## DATA
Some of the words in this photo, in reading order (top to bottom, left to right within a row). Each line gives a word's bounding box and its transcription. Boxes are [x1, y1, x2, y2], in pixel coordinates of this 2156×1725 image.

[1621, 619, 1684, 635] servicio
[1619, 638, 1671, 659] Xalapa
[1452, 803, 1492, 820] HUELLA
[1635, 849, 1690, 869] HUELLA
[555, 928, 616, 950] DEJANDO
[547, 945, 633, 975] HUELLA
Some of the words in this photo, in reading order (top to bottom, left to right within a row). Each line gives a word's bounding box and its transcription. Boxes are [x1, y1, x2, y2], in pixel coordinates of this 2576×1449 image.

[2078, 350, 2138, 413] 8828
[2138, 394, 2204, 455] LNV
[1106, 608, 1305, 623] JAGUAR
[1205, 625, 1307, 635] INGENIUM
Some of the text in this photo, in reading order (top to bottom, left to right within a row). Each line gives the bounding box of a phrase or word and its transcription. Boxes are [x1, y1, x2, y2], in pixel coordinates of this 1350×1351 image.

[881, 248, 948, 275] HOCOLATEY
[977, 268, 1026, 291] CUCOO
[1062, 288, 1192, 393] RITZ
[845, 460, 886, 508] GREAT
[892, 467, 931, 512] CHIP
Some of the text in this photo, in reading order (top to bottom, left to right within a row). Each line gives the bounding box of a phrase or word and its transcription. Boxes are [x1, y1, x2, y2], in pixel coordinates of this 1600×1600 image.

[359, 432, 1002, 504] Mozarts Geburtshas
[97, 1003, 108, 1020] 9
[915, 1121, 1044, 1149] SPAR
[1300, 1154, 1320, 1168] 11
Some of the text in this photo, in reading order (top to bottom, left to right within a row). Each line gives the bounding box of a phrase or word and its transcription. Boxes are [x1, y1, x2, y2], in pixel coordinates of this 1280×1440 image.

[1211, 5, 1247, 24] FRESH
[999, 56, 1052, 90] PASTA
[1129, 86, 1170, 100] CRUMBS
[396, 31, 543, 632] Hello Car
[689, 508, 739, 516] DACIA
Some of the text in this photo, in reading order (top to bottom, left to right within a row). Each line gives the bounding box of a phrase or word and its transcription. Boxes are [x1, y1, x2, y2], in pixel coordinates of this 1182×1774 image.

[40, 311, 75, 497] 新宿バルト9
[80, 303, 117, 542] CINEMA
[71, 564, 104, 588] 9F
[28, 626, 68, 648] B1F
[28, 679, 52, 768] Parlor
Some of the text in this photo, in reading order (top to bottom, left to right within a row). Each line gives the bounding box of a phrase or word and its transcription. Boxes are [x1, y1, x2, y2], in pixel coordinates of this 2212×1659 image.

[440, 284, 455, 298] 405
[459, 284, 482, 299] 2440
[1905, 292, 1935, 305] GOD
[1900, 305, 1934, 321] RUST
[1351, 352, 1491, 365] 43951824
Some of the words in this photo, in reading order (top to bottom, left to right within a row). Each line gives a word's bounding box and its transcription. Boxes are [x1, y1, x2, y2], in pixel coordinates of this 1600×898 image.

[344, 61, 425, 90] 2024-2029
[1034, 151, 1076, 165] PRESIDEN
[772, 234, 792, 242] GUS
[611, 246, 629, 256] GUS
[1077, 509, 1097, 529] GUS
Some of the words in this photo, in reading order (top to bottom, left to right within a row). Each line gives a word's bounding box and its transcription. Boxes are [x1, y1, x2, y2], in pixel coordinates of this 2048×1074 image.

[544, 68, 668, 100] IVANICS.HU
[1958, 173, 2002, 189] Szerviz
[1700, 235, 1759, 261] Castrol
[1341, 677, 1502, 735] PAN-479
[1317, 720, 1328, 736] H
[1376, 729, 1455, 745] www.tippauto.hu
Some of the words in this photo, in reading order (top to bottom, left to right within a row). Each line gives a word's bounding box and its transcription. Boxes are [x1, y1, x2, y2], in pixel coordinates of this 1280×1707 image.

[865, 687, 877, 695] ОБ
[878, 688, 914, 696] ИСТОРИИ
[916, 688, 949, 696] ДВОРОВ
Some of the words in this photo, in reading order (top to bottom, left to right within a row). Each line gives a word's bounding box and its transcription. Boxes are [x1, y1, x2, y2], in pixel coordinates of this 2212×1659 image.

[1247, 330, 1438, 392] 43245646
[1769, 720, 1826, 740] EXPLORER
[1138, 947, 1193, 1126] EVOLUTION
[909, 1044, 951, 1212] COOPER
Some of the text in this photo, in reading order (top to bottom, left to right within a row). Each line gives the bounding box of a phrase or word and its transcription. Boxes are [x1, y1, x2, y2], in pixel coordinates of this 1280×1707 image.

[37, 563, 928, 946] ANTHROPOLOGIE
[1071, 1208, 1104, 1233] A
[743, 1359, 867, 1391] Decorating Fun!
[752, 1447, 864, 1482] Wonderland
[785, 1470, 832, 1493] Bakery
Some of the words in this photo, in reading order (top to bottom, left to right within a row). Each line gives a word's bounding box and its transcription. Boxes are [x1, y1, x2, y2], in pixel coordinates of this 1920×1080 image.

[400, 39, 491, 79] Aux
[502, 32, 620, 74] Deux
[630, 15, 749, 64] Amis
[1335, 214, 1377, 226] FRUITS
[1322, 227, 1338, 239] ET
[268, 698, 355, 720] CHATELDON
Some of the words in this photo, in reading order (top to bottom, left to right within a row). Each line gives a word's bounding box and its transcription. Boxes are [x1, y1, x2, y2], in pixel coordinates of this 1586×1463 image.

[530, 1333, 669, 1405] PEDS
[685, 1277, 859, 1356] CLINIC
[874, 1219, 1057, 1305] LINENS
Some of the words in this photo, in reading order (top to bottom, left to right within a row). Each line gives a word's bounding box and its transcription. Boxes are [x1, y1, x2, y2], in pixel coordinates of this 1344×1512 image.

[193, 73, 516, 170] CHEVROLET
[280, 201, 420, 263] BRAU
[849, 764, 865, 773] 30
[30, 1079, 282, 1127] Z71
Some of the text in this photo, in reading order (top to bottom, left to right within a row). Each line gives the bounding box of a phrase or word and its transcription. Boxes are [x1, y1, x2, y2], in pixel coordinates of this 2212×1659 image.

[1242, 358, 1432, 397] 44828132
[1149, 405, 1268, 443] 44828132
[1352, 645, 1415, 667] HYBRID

## EXERCISE GOAL
Retype the entries exactly; leave nothing out.

## EXERCISE ANSWER
Some of the words in this photo, in reading order (top to bottom, left to right within a row). Each line gives a word's bounding box and its transcription. Boxes are [x1, y1, x2, y2], in pixel coordinates of this 2156×1725 image.

[1621, 619, 1684, 635] servicio
[1619, 638, 1671, 659] Xalapa
[1452, 803, 1492, 820] HUELLA
[1635, 849, 1690, 869] HUELLA
[555, 928, 616, 950] DEJANDO
[547, 945, 633, 975] HUELLA
Some of the words in this photo, in reading order (top to bottom, left to right within a row). Each line gives a word's bounding box and its transcription. Boxes are [x1, y1, x2, y2], in pixel coordinates of this 2576×1449 image.

[2078, 350, 2138, 413] 8828
[2138, 394, 2204, 455] LNV
[1106, 608, 1305, 623] JAGUAR
[1205, 625, 1307, 635] INGENIUM
Some of the text in this photo, in reading order (top to bottom, left to right within a row). Each line gives the bounding box of a phrase or word and its transcription. Boxes are [x1, y1, x2, y2], in pixel coordinates of this 1350×1351 image.

[881, 248, 948, 275] HOCOLATEY
[977, 268, 1026, 291] CUCOO
[1062, 288, 1192, 393] RITZ
[845, 460, 886, 508] GREAT
[892, 467, 931, 512] CHIP
Some of the text in this photo, in reading order (top to bottom, left to right within a row). Each line gives the bounding box of a phrase or word and its transcription. Boxes are [x1, y1, x2, y2], in pixel coordinates of this 1600×1600 image.

[359, 432, 1002, 504] Mozarts Geburtshas
[97, 1003, 108, 1020] 9
[915, 1121, 1044, 1149] SPAR
[1300, 1154, 1320, 1168] 11
Some of the text in this photo, in reading order (top to bottom, left to right within a row). Each line gives the bounding box of a phrase or word and its transcription. Boxes are [x1, y1, x2, y2], in pixel coordinates of this 1280×1440 image.

[1211, 5, 1247, 24] FRESH
[999, 56, 1052, 90] PASTA
[1129, 86, 1170, 100] CRUMBS
[396, 31, 543, 632] Hello Car
[689, 508, 739, 516] DACIA
Some of the text in this photo, in reading order (top to bottom, left to right within a row). Each line gives the bounding box of a phrase or word and its transcription. Boxes are [x1, y1, x2, y2], in pixel coordinates of this 1182×1774 image.

[40, 311, 75, 497] 新宿バルト9
[80, 303, 117, 542] CINEMA
[71, 564, 104, 588] 9F
[28, 626, 68, 648] B1F
[28, 679, 52, 768] Parlor
Some of the text in this photo, in reading order (top to bottom, left to right within a row). Each line gives the bounding box of a phrase or word and its transcription. Boxes are [x1, y1, x2, y2], in pixel coordinates of this 2212×1659 image.

[440, 284, 455, 298] 405
[459, 284, 482, 299] 2440
[1905, 292, 1935, 305] GOD
[1900, 305, 1934, 321] RUST
[1351, 352, 1491, 365] 43951824
Some of the words in this photo, in reading order (top to bottom, left to right within a row). Each line gives a word's bounding box and its transcription. Boxes are [x1, y1, x2, y2], in pixel coordinates of this 1600×898 image.

[344, 61, 425, 90] 2024-2029
[1034, 151, 1076, 165] PRESIDEN
[772, 234, 792, 242] GUS
[611, 246, 629, 256] GUS
[1077, 509, 1097, 529] GUS
Some of the words in this photo, in reading order (top to bottom, left to right within a row). Each line gives a word's bounding box and its transcription. Boxes are [x1, y1, x2, y2], in pixel coordinates of this 2048×1074 image.

[544, 68, 668, 100] IVANICS.HU
[1958, 173, 2002, 189] Szerviz
[1700, 235, 1759, 261] Castrol
[1341, 677, 1502, 735] PAN-479
[1317, 720, 1328, 736] H
[1376, 729, 1455, 745] www.tippauto.hu
Some of the words in this photo, in reading order (top to bottom, left to right within a row). Each line gives a word's bounding box and its transcription. Boxes are [x1, y1, x2, y2], in pixel coordinates of this 1280×1707 image.

[865, 687, 877, 695] ОБ
[878, 688, 914, 696] ИСТОРИИ
[916, 688, 949, 696] ДВОРОВ
Some of the words in this photo, in reading order (top to bottom, left to right within a row). Each line gives a word's bounding box and its transcription. Boxes are [x1, y1, x2, y2], in pixel coordinates of this 2212×1659 image.

[1247, 330, 1438, 392] 43245646
[1769, 720, 1826, 740] EXPLORER
[1138, 947, 1193, 1126] EVOLUTION
[909, 1044, 951, 1212] COOPER
Some of the text in this photo, in reading order (top to bottom, left to right within a row). Each line gives the bounding box of a phrase or word and its transcription. Boxes are [x1, y1, x2, y2], in pixel coordinates of this 1280×1707 image.

[37, 563, 928, 946] ANTHROPOLOGIE
[1071, 1208, 1104, 1233] A
[743, 1359, 867, 1391] Decorating Fun!
[752, 1447, 864, 1482] Wonderland
[785, 1470, 832, 1493] Bakery
Some of the words in this photo, in reading order (top to bottom, left to right within a row). Each line gives a word's bounding box and its transcription. Boxes are [x1, y1, x2, y2], in pixel coordinates of this 1920×1080 image.

[400, 39, 491, 79] Aux
[502, 32, 620, 74] Deux
[630, 15, 749, 64] Amis
[1335, 214, 1377, 226] FRUITS
[1322, 227, 1338, 239] ET
[268, 698, 355, 720] CHATELDON
Some of the words in this photo, in reading order (top to bottom, left to right within a row). Each line gives a word's bounding box and its transcription. Boxes are [x1, y1, x2, y2], in pixel coordinates of this 1586×1463 image.

[530, 1333, 669, 1405] PEDS
[685, 1277, 859, 1356] CLINIC
[874, 1219, 1057, 1305] LINENS
Some of the words in this photo, in reading order (top to bottom, left to right within a row). Each line gives a word's bounding box and its transcription. Boxes are [x1, y1, x2, y2], in pixel coordinates of this 1344×1512 image.

[193, 73, 516, 170] CHEVROLET
[280, 201, 420, 263] BRAU
[849, 764, 865, 773] 30
[30, 1079, 282, 1127] Z71
Some of the text in this photo, in reading order (top to bottom, left to right within a row). Each line gives the bounding box of a phrase or word and its transcription. Boxes are [x1, y1, x2, y2], in pixel coordinates of this 2212×1659 image.

[1242, 358, 1432, 397] 44828132
[1149, 405, 1268, 443] 44828132
[1352, 645, 1415, 667] HYBRID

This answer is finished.